Carbonate, sulphide, sulphite, nitrite and acetate all react with dilute sulphuric acid at room temperature or on gentle warming to release a characteristic gas. Because these reactions are perceptible to sight and smell, a single dilute acid test screens for an entire family of anions in one step before any confirmatory work begins. Dilute HCl can be used similarly, but dilute H2SO4 is the NCERT lab manual standard.

How do you distinguish CO2 from SO2 when both turn lime water milky?

Both gases turn lime water milky, so milkiness alone is not decisive. CO2 is colourless and completely odourless, whereas SO2 has a sharp pungent smell of burning sulphur. SO2 also turns acidified potassium dichromate paper green and decolourises acidified potassium permanganate, while CO2 does neither. Smell and the dichromate test together separate the two.

What is the confirmatory test for the sulphide ion?

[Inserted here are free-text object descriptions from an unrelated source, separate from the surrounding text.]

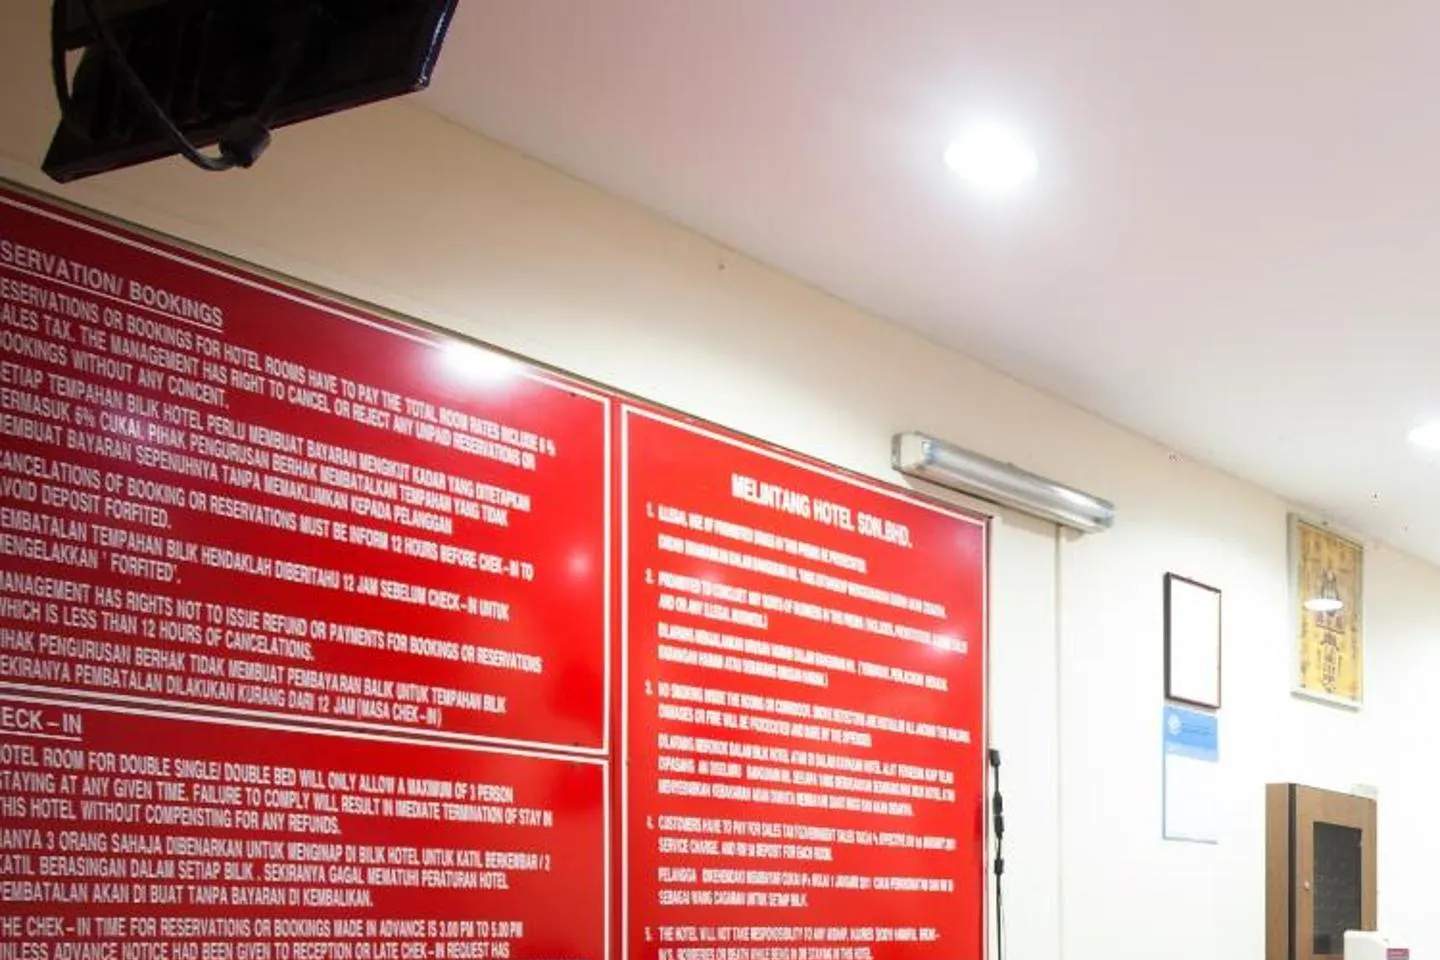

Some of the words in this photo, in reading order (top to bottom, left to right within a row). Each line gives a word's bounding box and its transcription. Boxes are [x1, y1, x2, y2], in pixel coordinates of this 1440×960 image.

[129, 281, 222, 326] BOOKINGS
[71, 349, 132, 383] WITHOUT
[138, 367, 163, 390] ANY
[80, 326, 106, 350] THE
[110, 334, 198, 376] MANAGEMENT
[202, 361, 227, 384] HAS
[287, 385, 331, 413] CANCEL
[103, 307, 123, 330] OR
[126, 314, 192, 350] BOOKINGS
[195, 335, 221, 358] FOR
[307, 369, 337, 393] HAVE
[47, 373, 122, 409] TEMPAHAN
[126, 394, 159, 418] BILIK
[163, 402, 203, 430] HOTEL
[306, 440, 357, 468] BAYARAN
[66, 429, 131, 460] BAYARAN
[135, 445, 218, 480] SEPENUHNYA
[145, 423, 185, 448] PIHAK
[189, 433, 269, 468] PENGURUSAN
[41, 484, 100, 514] DEPOSIT
[104, 497, 171, 528] FORFITED.
[104, 472, 123, 493] OF
[127, 477, 185, 506] BOOKING
[188, 490, 206, 511] OR
[298, 515, 330, 538] MUST
[731, 472, 811, 519] MELINTANG
[812, 498, 855, 532] HOTEL
[91, 524, 163, 555] TEMPAHAN
[166, 539, 198, 562] BILIK
[200, 546, 272, 576] HENDAKLAH
[45, 604, 58, 623] IS
[63, 606, 97, 629] LESS
[101, 612, 137, 633] THAN
[142, 619, 155, 637] 12
[159, 620, 202, 643] HOURS
[95, 586, 122, 607] HAS
[126, 591, 173, 615] RIGHTS
[176, 599, 202, 620] NOT
[329, 623, 385, 648] PAYMENTS
[39, 634, 131, 664] PENGURUSAN
[134, 647, 185, 670] BERHAK
[189, 654, 224, 675] TIDAK
[287, 668, 362, 693] PEMBAYARAN
[74, 664, 162, 691] PEMBATALAN
[166, 676, 234, 700] DILAKUKAN
[62, 714, 81, 733] IN
[43, 748, 84, 768] ROOM
[88, 751, 115, 771] FOR
[119, 754, 171, 775] DOUBLE
[273, 767, 296, 785] BED
[30, 798, 76, 818] HOTEL
[80, 801, 140, 821] WITHOUT
[145, 805, 232, 826] COMPENSTING
[60, 775, 76, 793] AT
[82, 776, 109, 795] ANY
[113, 778, 152, 798] GIVEN
[193, 784, 242, 804] FAILURE
[341, 796, 380, 814] RESULT
[59, 831, 107, 851] ORANG
[111, 834, 162, 853] SAHAJA
[165, 837, 242, 856] DIBENARKAN
[39, 856, 126, 876] BERASINGAN
[130, 859, 174, 877] DALAM
[178, 861, 220, 879] SETIAP
[328, 866, 364, 883] GAGAL
[92, 884, 129, 901] AKAN
[133, 885, 146, 902] DI
[149, 885, 183, 902] BUAT
[187, 886, 228, 903] TANPA
[95, 918, 126, 935] TIME
[130, 918, 156, 935] FOR
[160, 918, 251, 936] RESERVATIONS
[333, 920, 363, 936] MADE
[53, 943, 117, 960] ADVANCE
[121, 943, 168, 960] NOTICE
[172, 943, 198, 959] HAD
[201, 943, 233, 959] BEEN
[292, 943, 352, 959] RECEPTION

Warm dilute H2SO4 on a sulphide releases H2S with a rotten-egg smell that blackens lead acetate paper through formation of black PbS. The confirmatory wet test uses sodium nitroprusside: the alkaline salt solution or sodium carbonate extract gives a purple to violet colour due to the complex Na4[Fe(CN)5NOS].

How is acetate confirmed after the vinegar smell appears?

Two confirmatory tests are used. The ester (fruity-odour) test heats the salt with ethanol and a little concentrated H2SO4 to form ethyl acetate, which smells fruity. The neutral ferric chloride test gives a deep blood-red colour with the salt solution that turns brown-red and forms a precipitate of iron(III) dihydroxyacetate on boiling.

Why must the ferric chloride used for the acetate test be neutral?

Ordinary ferric chloride solution is acidic because of partial hydrolysis. Acid suppresses the deep red iron-acetate complex and can give a misleading colour. Neutral ferric chloride is prepared by adding dilute NaOH dropwise until a faint permanent precipitate of ferric hydroxide forms, then filtering and using the filtrate, so the blood-red colour is genuinely diagnostic of acetate.

What gas confirms nitrite in the dilute acid test and how is it tested?

On warming a nitrite with dilute H2SO4, brown fumes of NO2 are evolved. The gas turns acidified potassium iodide-starch paper blue because liberated iodine forms a blue complex with starch. The Griess-Ilosvay test, using sulphanilic acid and 1-naphthylamine in a very dilute solution, gives a red azo-dye as further confirmation.